If you buy DLC because you want the complete game, even if it bothers you, then you are encouraging companies to keep doing it. If hardly anyone bought DLC then companies wouldn’t do it anymore. Gamers would get their complete game without having to pay more for it. By buying a game made by a disrespectful developer you are encouraging the attitude. Developers are only going to push gamers as far as they can go and take as much as they can. You are only as good to them as your money. In any other aspect of life people would not stand being disrespected and cheated. Right?

I don’t think so. At first I thought the problem existed within gaming culture and gamer mentality, but after looking at the situation more closely (or really more broadly) I found that the “I want my game regardless of how I get it” mentality is not just exclusive to gamers.
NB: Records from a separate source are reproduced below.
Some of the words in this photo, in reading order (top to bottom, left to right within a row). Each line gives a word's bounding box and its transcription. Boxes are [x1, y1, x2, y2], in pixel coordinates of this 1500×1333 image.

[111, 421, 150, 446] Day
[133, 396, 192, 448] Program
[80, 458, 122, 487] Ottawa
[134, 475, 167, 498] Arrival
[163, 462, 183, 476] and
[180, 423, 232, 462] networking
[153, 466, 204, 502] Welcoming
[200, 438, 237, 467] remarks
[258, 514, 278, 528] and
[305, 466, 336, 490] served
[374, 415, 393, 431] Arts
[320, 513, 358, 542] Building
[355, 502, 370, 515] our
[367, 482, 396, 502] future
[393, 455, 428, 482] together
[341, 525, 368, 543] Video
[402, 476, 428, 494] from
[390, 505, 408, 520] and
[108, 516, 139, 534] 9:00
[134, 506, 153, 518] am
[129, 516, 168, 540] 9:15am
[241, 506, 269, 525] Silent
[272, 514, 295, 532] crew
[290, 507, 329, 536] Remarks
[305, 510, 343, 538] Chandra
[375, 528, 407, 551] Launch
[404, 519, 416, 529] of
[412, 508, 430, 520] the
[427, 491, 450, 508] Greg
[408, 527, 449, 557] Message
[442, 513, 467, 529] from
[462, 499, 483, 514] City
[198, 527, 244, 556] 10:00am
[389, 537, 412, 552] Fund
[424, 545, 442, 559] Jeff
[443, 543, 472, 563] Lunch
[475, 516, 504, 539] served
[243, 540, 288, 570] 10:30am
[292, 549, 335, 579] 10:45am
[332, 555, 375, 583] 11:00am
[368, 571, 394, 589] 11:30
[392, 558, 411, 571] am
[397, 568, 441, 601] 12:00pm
Look at it this way, there are two sides: developers and gamers. The developers are the ones that make and release the games into the world. They have control over what gets put into a game. They are the higher power. Gamers are the consumers. Gamers buy the product at the price the developer decides. If they want to play the game then they have to buy it. They are the lower power.
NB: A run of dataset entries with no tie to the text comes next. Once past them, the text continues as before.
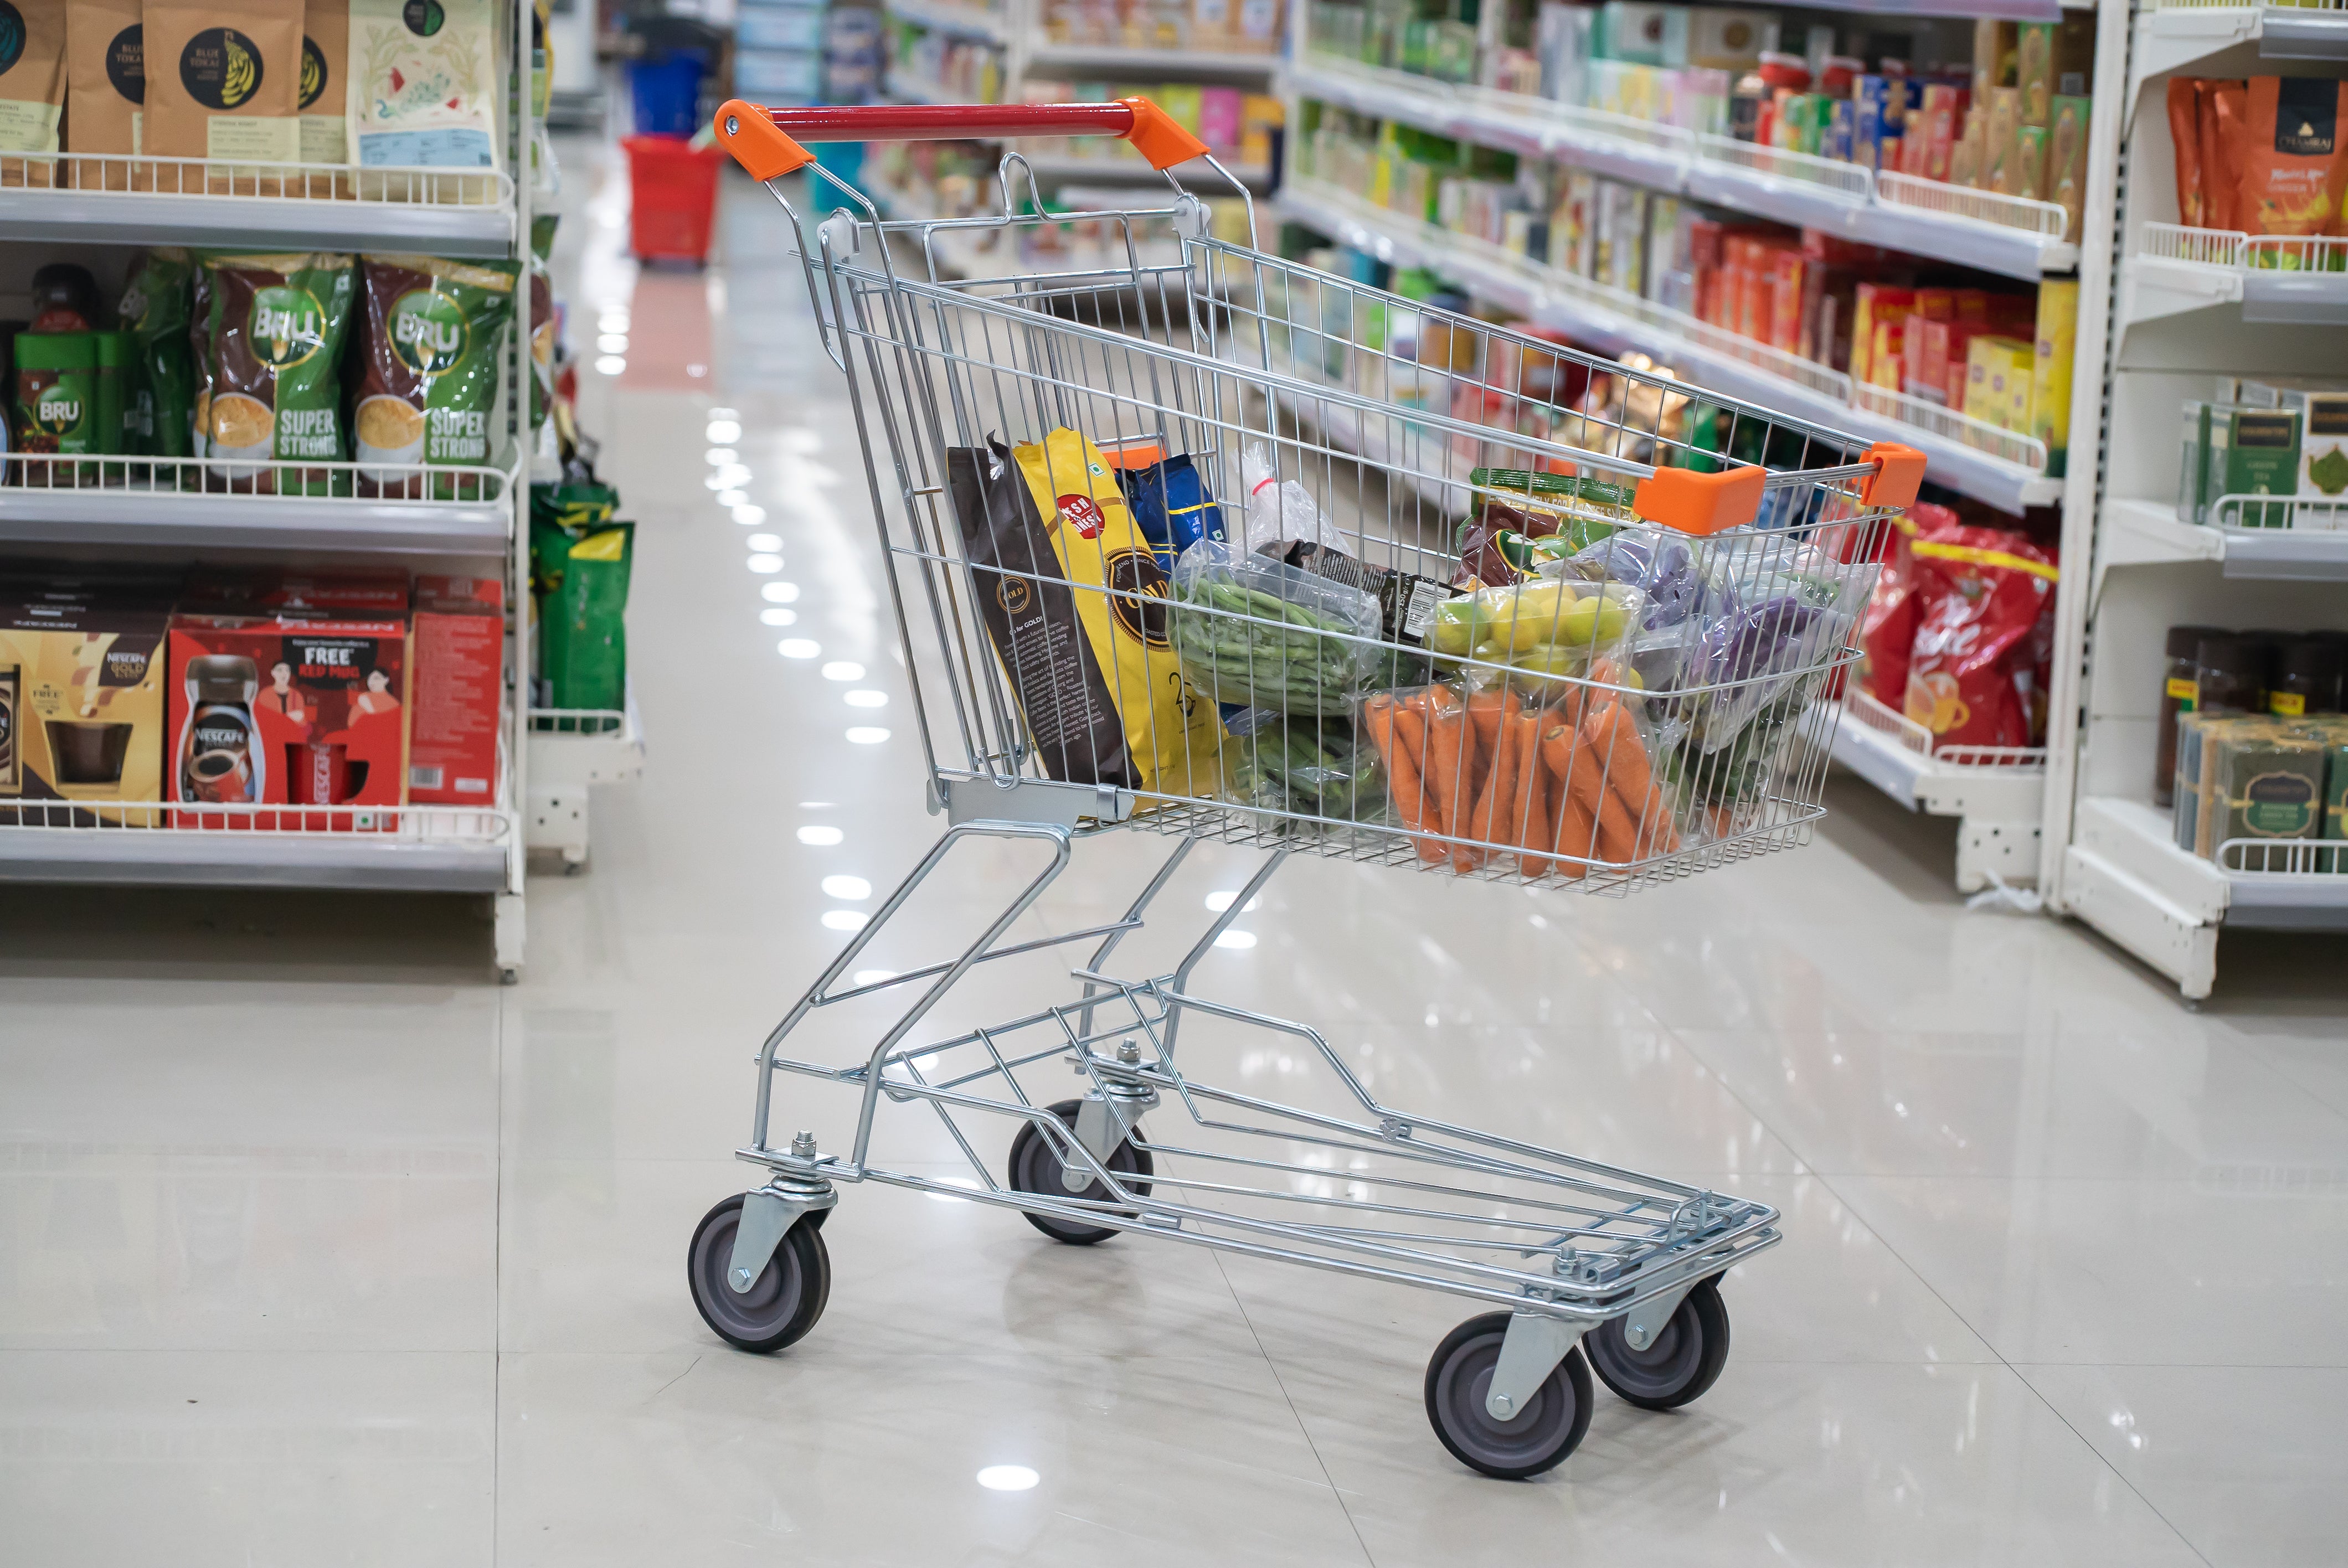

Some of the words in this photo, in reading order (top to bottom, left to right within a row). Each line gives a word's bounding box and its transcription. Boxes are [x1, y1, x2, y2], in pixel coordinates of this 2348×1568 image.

[255, 307, 315, 341] BRU
[397, 313, 459, 353] BRU
[40, 401, 79, 422] BRU
[280, 408, 336, 436] SUPER
[431, 410, 486, 437] SUPER
[280, 435, 337, 457] STRONG
[430, 435, 486, 460] STRONG
[1024, 616, 1043, 628] GOLD!
[1055, 625, 1070, 633] coffee
[298, 664, 326, 678] RED
[1064, 662, 1078, 670] coffee
[1069, 704, 1082, 712] Indian
[1069, 710, 1084, 719] tribute
[1090, 710, 1102, 718] pack
[1064, 728, 1075, 736] blend
Throughout history there is a cycle of “the higher power” slowing but surely abusing the lower power which causes tension. At first many on the lower end won’t think it’s that bad and the higher power tightens its grip. Eventually more and more people of the lower power get angry enough at their situation and rebel.

For example, the American Revolution was started because the colonies were being taxed heavily. That may seem like a poor reason to start a war, but look at it this way: the colonies were largely ignored by England for years. Then when they were at war with Spain they started taxing the colonies for money. Many colonists thought this was unfair considering they were hardly members of England anyway (they didn’t even have representation in Parliament). While many colonists were opposed to war there were enough in support of it that a war broke out. Was this war caused by a bunch of trigger happy idiots, or by people who only saw a bad situation getting worse and decided to act on it sooner rather than later?

Let’s look at another example. The first wave of American feminism was centered around women gaining the right to vote. Women had been silenced for years, with Freud’s theories dominating psychology. Eventually women (alongside some men) had enough and fought for their right. They eventually won and things were looking good for American women. They proved themselves during WWII that they could hold their own in the work force. Then WWII ended and women were pushed back in to the home. Throughout the fifties and sixties women went about their task of being a housewife all the while silently wanting more. In 1963 The Feminine Mystique by Betty Friedan was published. This book shattered “the problem that has no name” and jump started the second wave of American feminism. The National Organization for Women was founded a few years later.

Now you are probably wondering what all this has to do with video games. Allow me to explain. In both of these cases a higher power was abusing a lower power. Eventually the lower power had enough and rebelled. Now apply this to the current state of the video game industry. Developers, the higher power, are ripping off gamers, the lower power, with DLC all the while disrespecting them. Some gamers are already beginning to rebel. I, for one, no longer by games at full price and will not be buying games made by rude and ignorant development teams. A minority of gamers are also following in similar ways.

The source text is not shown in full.